Could you output the entries that follow exactly, omitting any pictures they contain?

Start of Records to process

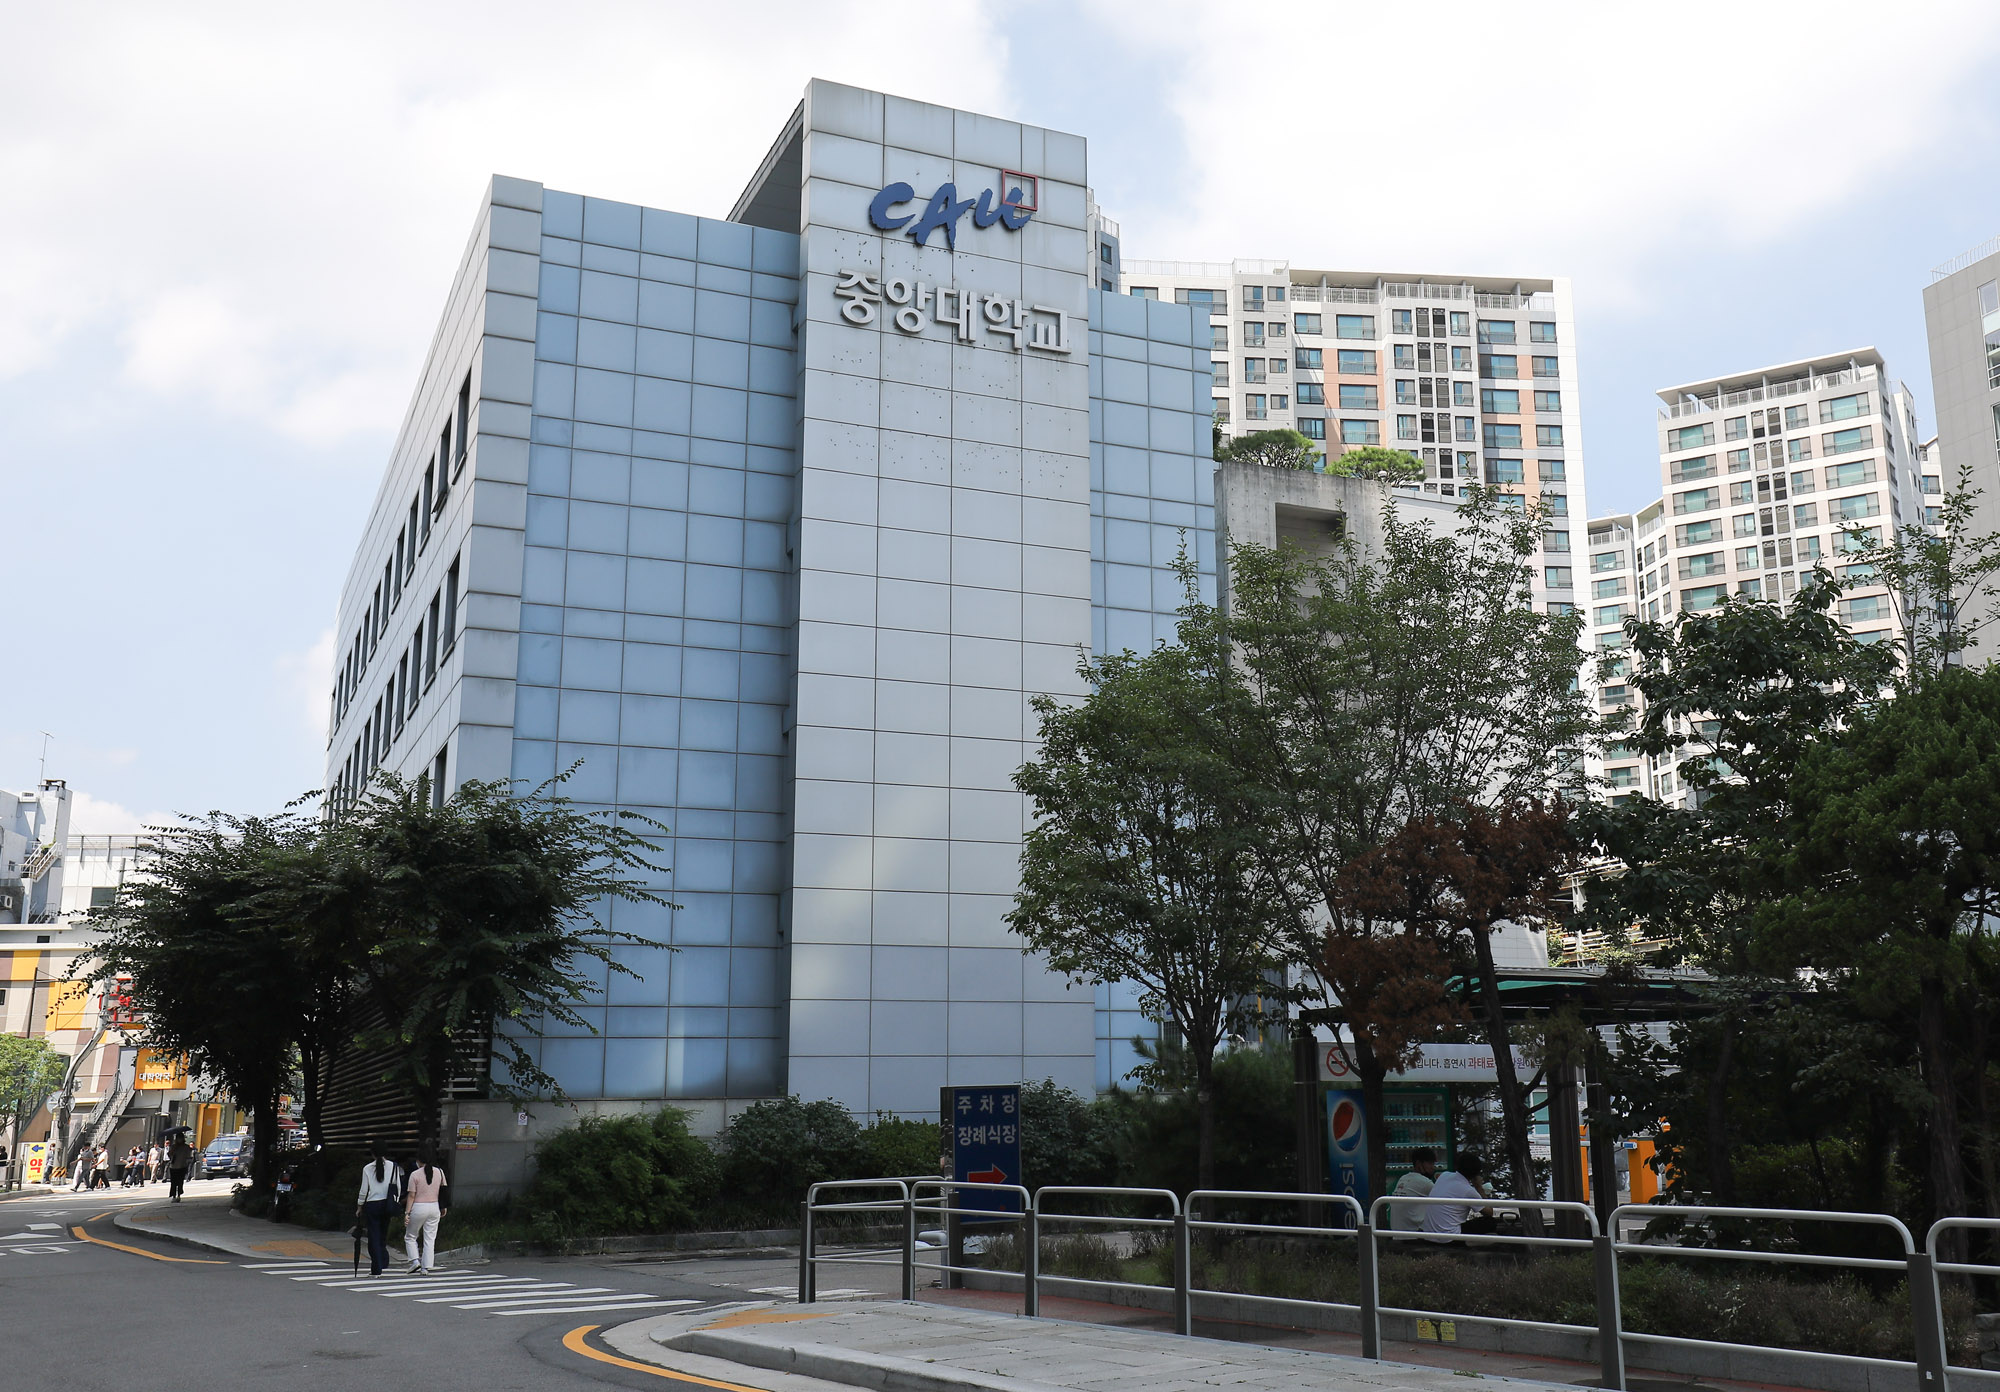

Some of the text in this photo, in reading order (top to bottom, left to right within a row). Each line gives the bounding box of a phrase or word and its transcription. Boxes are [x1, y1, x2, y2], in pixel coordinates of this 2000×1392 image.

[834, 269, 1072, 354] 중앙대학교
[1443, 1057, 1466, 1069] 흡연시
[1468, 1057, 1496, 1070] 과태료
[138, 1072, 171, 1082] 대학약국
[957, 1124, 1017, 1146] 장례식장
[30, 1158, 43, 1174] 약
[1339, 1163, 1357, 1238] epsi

End of Records to process

Exercise output -
Some of the text in this photo, in reading order (top to bottom, left to right within a row). Each line gives the bounding box of a phrase or word and its transcription. Boxes are [x1, y1, x2, y2], in pixel coordinates of this 2000×1392 image.

[834, 269, 1072, 354] 중앙대학교
[1443, 1057, 1466, 1069] 흡연시
[1468, 1057, 1496, 1070] 과태료
[138, 1072, 171, 1082] 대학약국
[957, 1124, 1017, 1146] 장례식장
[30, 1158, 43, 1174] 약
[1339, 1163, 1357, 1238] epsi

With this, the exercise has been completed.